Başka bir yaşlı adam not sallıyordu. Deri koltukların seks hikaye arasından ve yaşlı adamların pençeli ellerinin arasından ona doğru yürüdü.
Notunu ‘lütfen efendim, teşekkür ederim efendim’ ritüelinden sonra aldı. Bir 50 sterlin daha.
Bir çikolata parmağı yemek istiyorum. Kıçından. “
Metresi tarafından sınıra getirilmişti, kirli yaşlı adamlarla dolu bir oda için ağır sallanan göğüslerini sergilemişti. Ve şimdi bu… Zaten 100 sterlin arttı, önündeki tabağa baktı.
Onun önünde eğildi.
Kay kısa siyah eteğini ve fırfırlı fransız hizmetçi kombinezonunu kaldırdı ve çoraplarını ve ardından küçük beyaz külotlarını ortaya çıkardı. Başparmaklarını yan lastiğe bağladı ve külotu ayak bileklerinin etrafına düşene kadar yavaşça indirdi. Omzunun üzerinden baktığında onu kıçından büyülediğini görebiliyordu.
Yaşlı adamlardan bir takdir mırıltısı geldi. Garip kirli yorum.
Ama artık kendi dünyasında kaybolmuştu. Bacaklarının arasındaki ağrı onu tüketti.
Uzanıp çikolata kaplı ince bir bisküvi masadan erotik seks çıkardı. Bacaklarının arasına uzanıp bisküvinin ucunu minik kıç deliğinden yukarı kaldırdı.
‘Bayım. Bir şey yemek ister misin?’
Sıcak nefesini yanaklarının arasında hissetti. Bisküvinin içine girip çıktığını hissetti. Kıç deliğinde sıcak dudaklar ve dil hissetti.
Gerçekten istediğini fark etti.
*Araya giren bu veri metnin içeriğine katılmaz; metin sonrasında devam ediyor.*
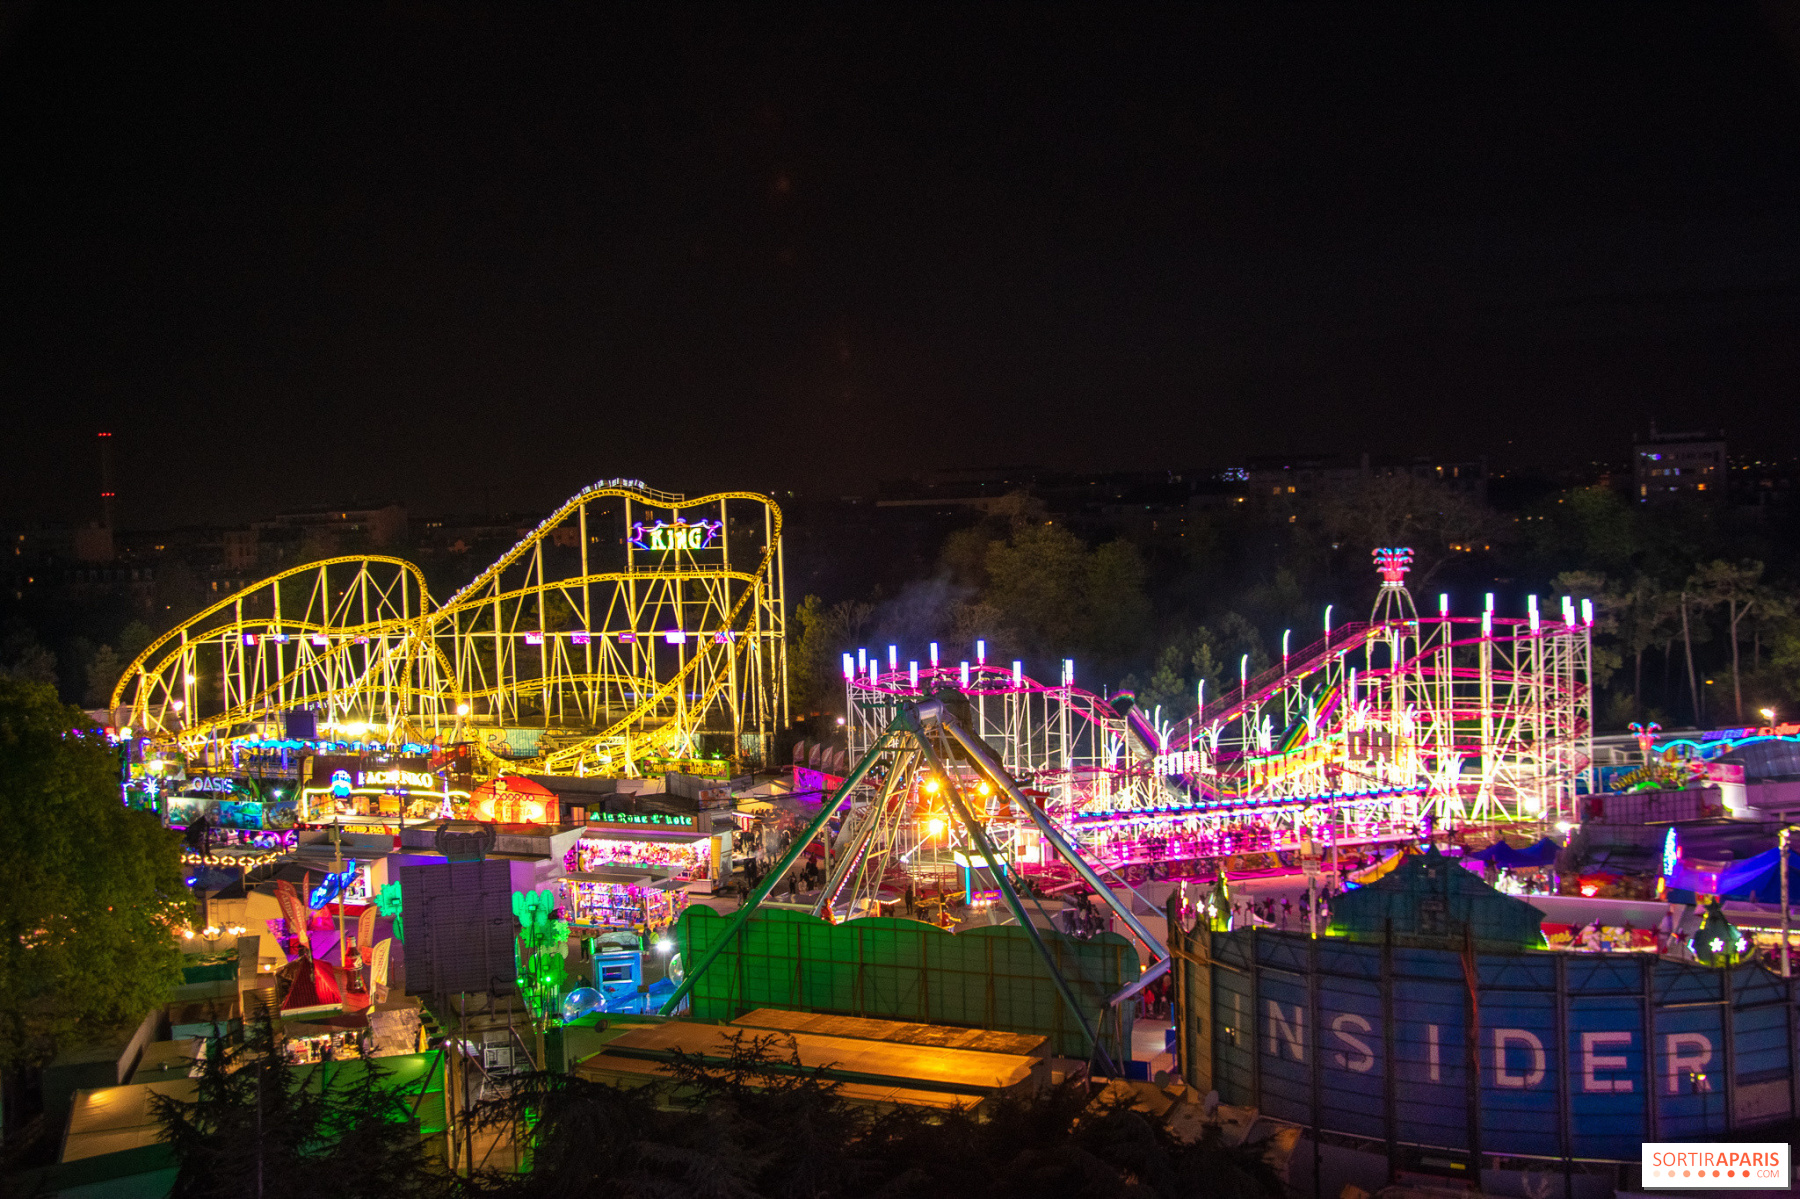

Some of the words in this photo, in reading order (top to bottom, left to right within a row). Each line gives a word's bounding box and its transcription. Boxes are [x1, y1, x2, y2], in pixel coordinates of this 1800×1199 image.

[650, 527, 702, 550] KING
[192, 777, 234, 794] OASIS
[1233, 993, 1714, 1094] INSIDER
Parmakları bacaklarının arasında kaydı ve ıslak yarığı yavaşça okşadı.
Yaşlı adamın elleri kıçını yanaklarını sonuna kadar açık tuttu ve yüzünün içeriye gömüldüğünü, açgözlülükle alıştırdığını, emdiğini, uzaklaştığını hissetti. Bisküvi bitmiş gibi bir başkası
içeri itildi. Gözlerini kapattı ama etrafında bir kalabalığın toplandığını hissedebiliyordu. Onları ve iğrenç yorumlarını duyabiliyordu.
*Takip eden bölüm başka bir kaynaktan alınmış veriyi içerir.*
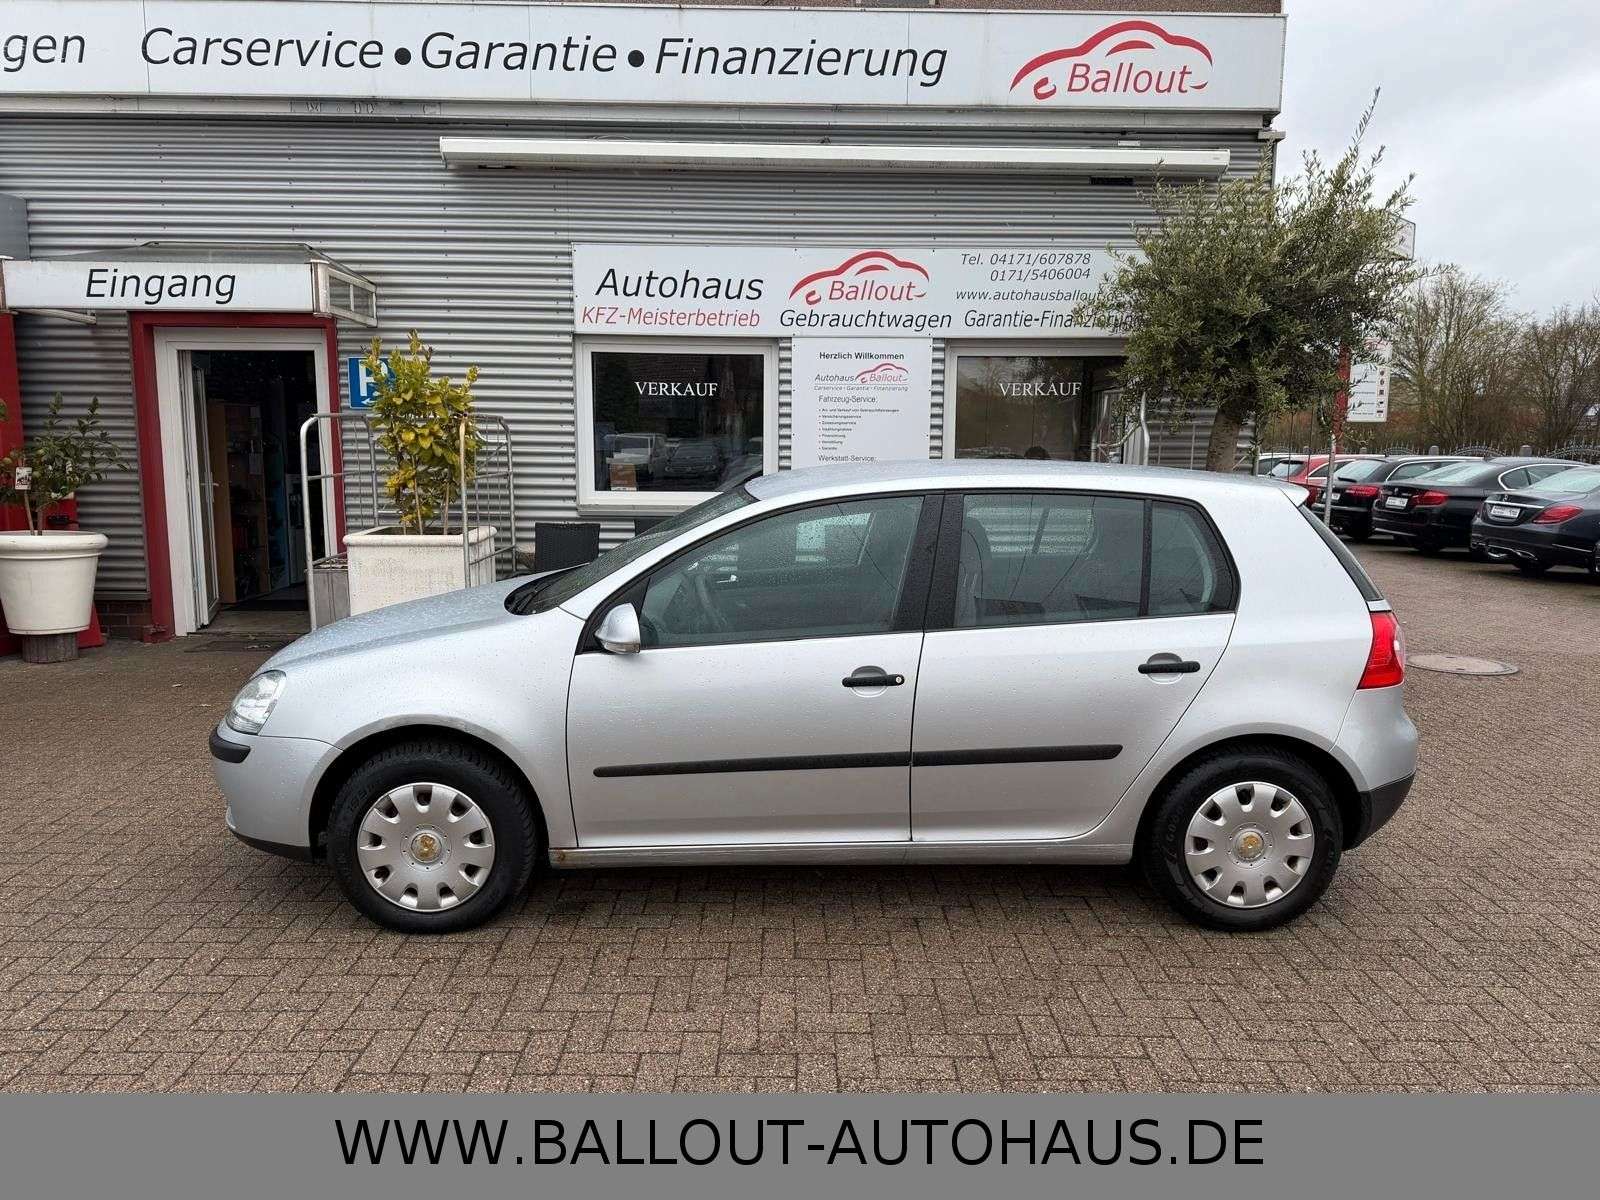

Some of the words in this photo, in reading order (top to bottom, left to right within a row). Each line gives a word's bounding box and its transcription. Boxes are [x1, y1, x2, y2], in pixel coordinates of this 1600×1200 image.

“Ona bakmak. Sadece yeterince alamıyor. ” “Sadece kendisini ona itmesini izle” “Pis orospu buna bayılıyor.”
Başka bir yaşlı adamın kendisine bir not aldığını iddia ettiğini duydu.
Gözlerini açtı ve önünde deri koltuklardan birine bir adam oturdu.
Bir adam kıçından ziyafet çekerken, diğeri ona bir not daha verdi.
Seni sikmek isterim. Bastonumla. “
O baktı. Yaşlı adam sırıtarak orada oturdu. Ve yanında bastonu vardı. Tırtıklı, eski bir tahta çubuk. Sap, eski bir kılıcın sapına çok benziyordu, kulpta pürüzsüz bir şekilde cilalanmıştı, üstteki sekiz inç belirgin bir eğriliğe sahipti, kabzanın daha aşağısındaki başka bir yumrulu yumruya doğru, sopanın geri kalanı daha sonra yere doğru sivrildi. .
“Aman tanrım …” ahşap dildoya bakarken kendi kendine düşündü.
Yaşlı adam hafifçe kafasını okşadı ve sonra parmaklarının kavisli ahşap şafttan aşağı kaymasına izin verdi, gözleri onu izlerken.